All entries below must be output word for word, and the pictures left behind.

(Data shown)
====
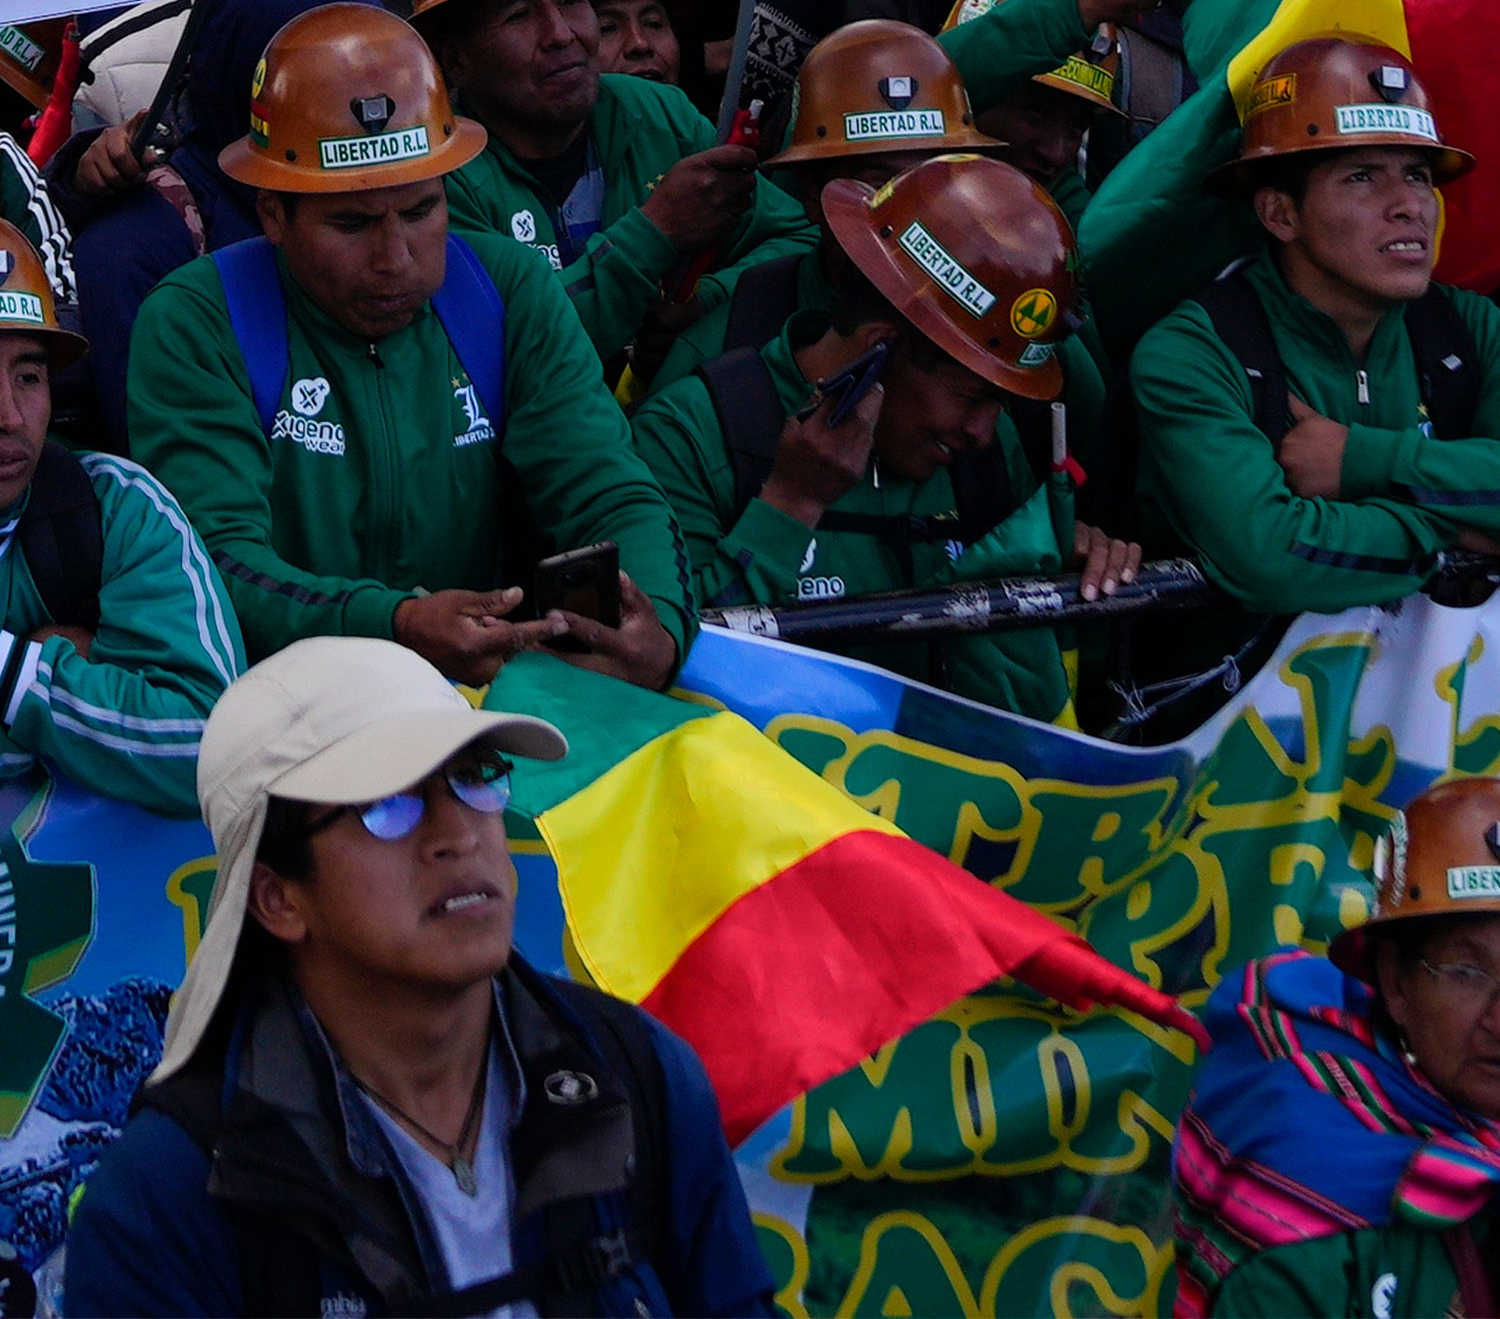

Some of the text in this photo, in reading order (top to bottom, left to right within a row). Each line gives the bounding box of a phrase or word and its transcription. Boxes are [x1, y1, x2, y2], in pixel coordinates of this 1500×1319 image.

[848, 113, 943, 136] LIBERTAD R.L.
[1340, 107, 1413, 131] LIBERTAD
[322, 134, 427, 166] LIBERTAD R.L.
[902, 221, 969, 291] LIBERTAD
[20, 293, 41, 318] R.L.
====
(Solved exercise)
Some of the text in this photo, in reading order (top to bottom, left to right within a row). Each line gives the bounding box of a phrase or word and its transcription. Boxes are [x1, y1, x2, y2], in pixel coordinates of this 1500×1319 image.

[848, 113, 943, 136] LIBERTAD R.L.
[1340, 107, 1413, 131] LIBERTAD
[322, 134, 427, 166] LIBERTAD R.L.
[902, 221, 969, 291] LIBERTAD
[20, 293, 41, 318] R.L.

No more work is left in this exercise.